### Required work
Reproduce every record verbatim but drop the pictures.

[Images for object localization]
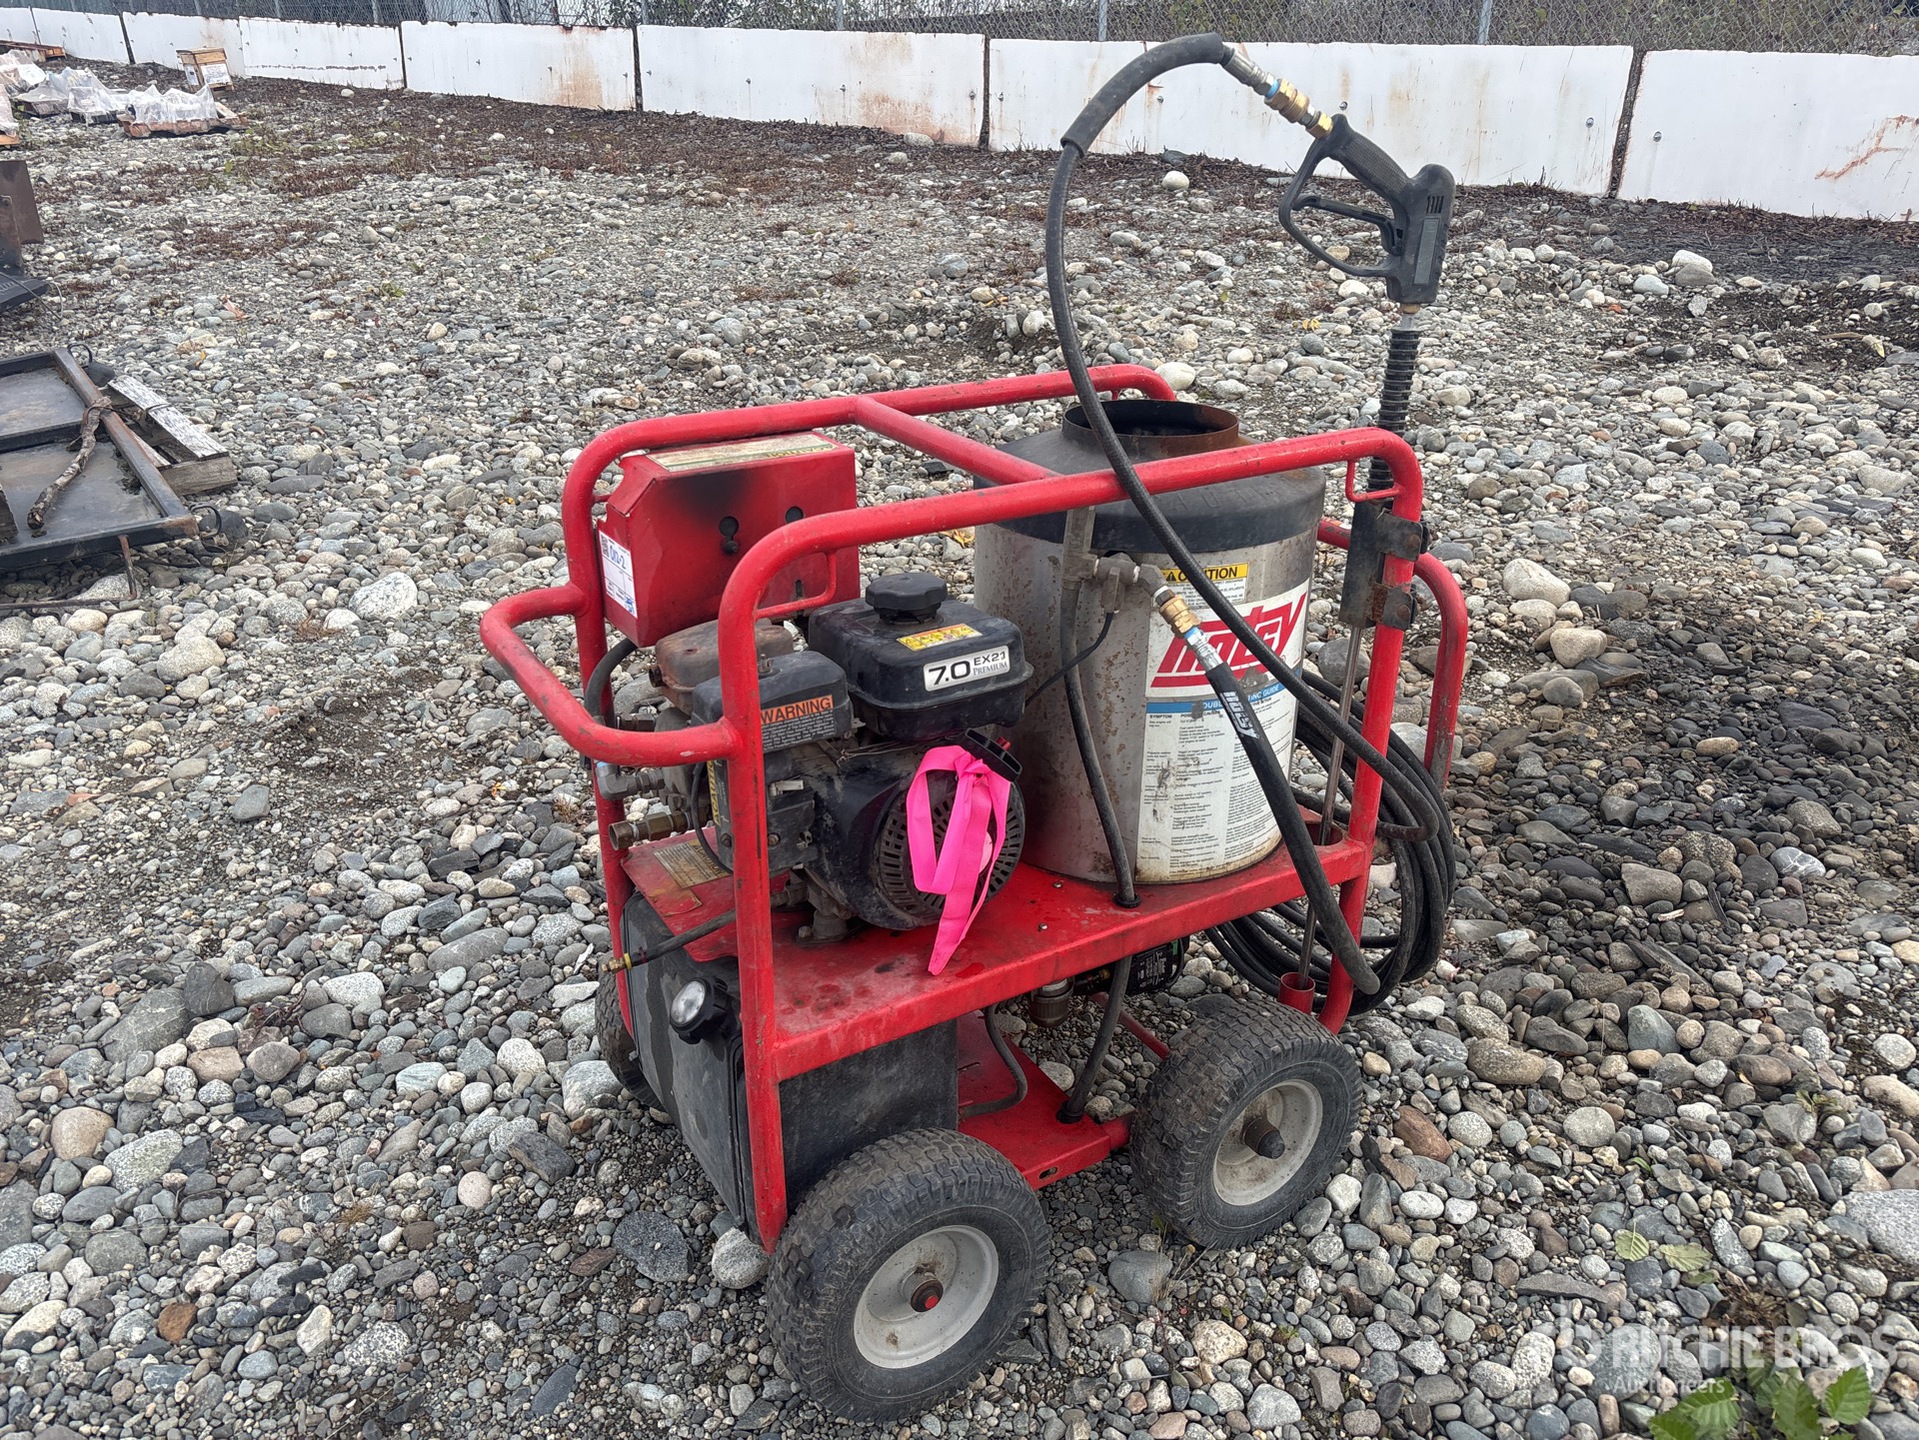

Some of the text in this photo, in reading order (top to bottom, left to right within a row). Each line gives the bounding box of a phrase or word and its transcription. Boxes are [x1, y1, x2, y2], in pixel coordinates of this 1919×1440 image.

[1178, 566, 1238, 581] CTION
[973, 651, 1007, 666] EX21
[928, 660, 971, 686] 7.0
[973, 661, 1008, 676] PREMIUM
[760, 697, 832, 724] WARNING
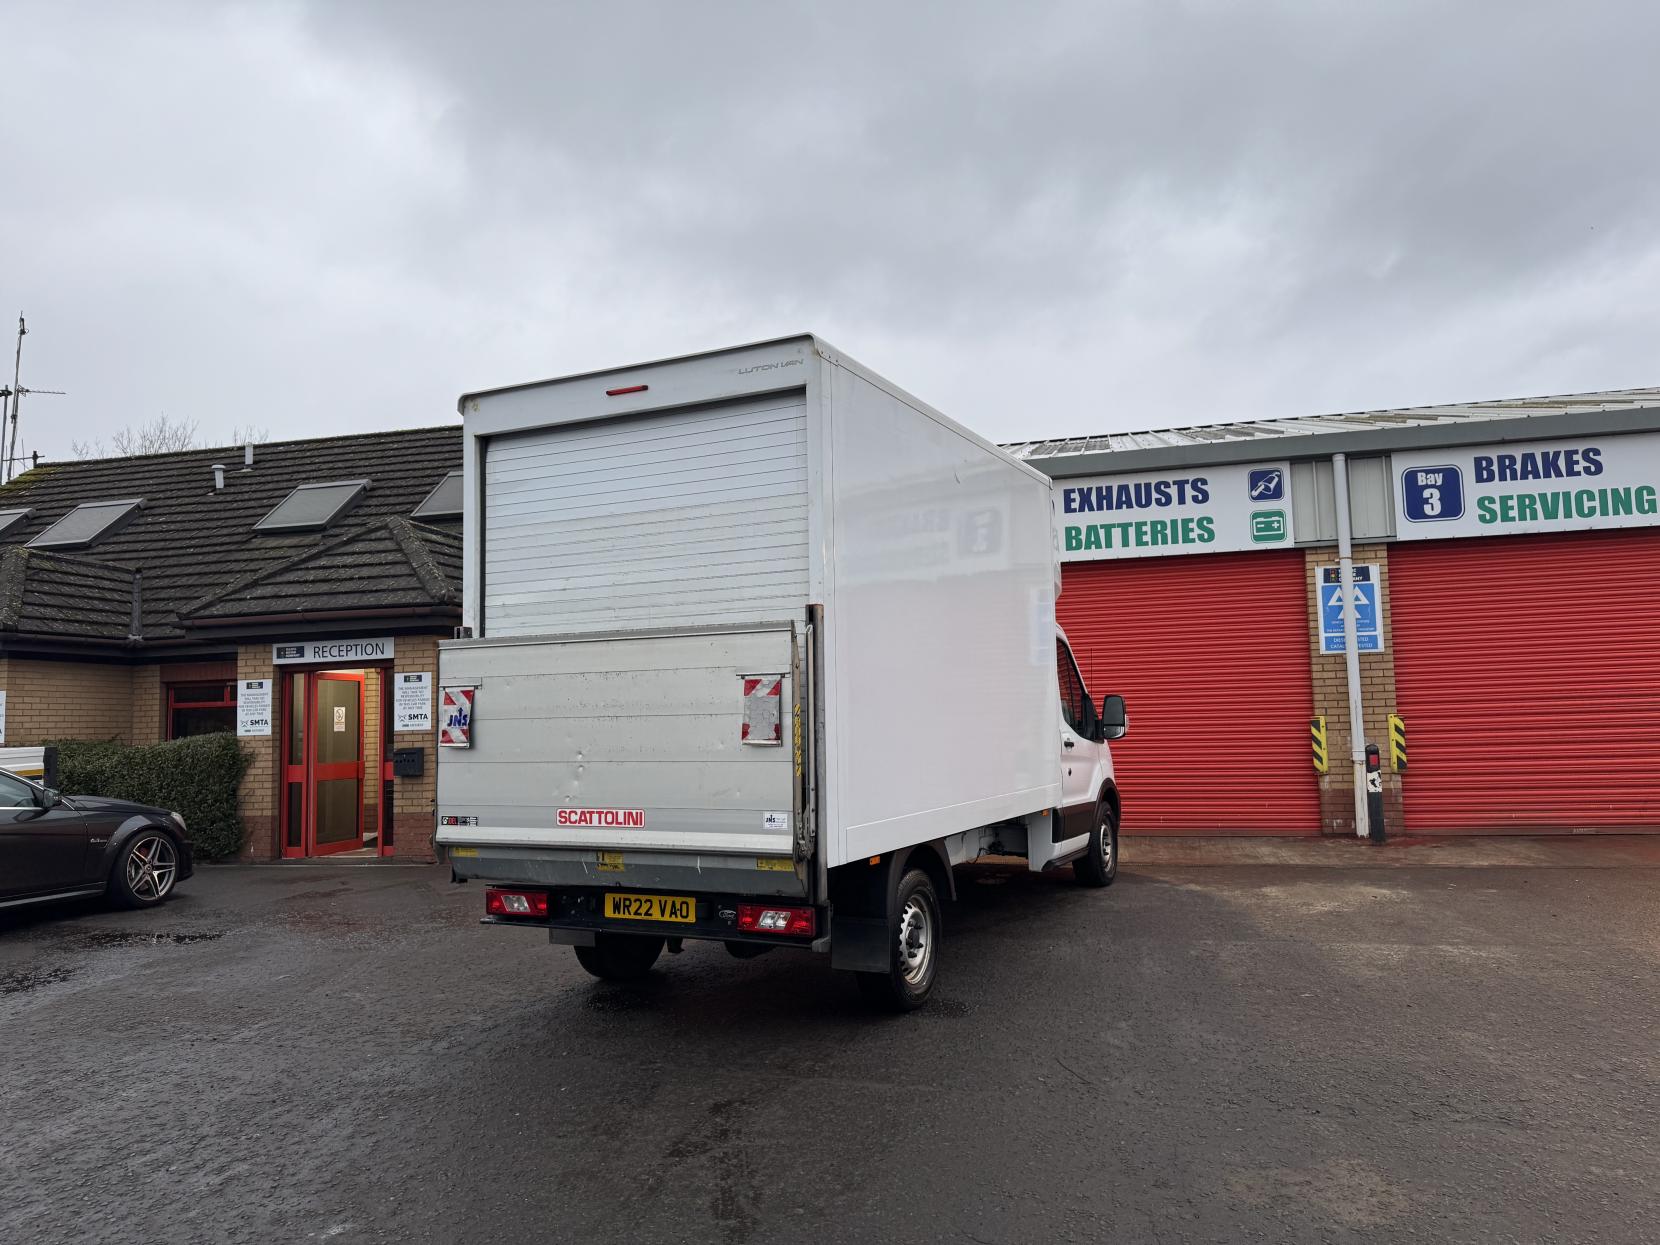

### Response to this task
Some of the text in this photo, in reading order (top to bottom, left to right within a row). Each line gives the bounding box of a phrase or word and its transcription. Boxes are [x1, y1, x2, y2], in pixel coordinates of this 1919×1440 image.

[1178, 566, 1238, 581] CTION
[973, 651, 1007, 666] EX21
[928, 660, 971, 686] 7.0
[973, 661, 1008, 676] PREMIUM
[760, 697, 832, 724] WARNING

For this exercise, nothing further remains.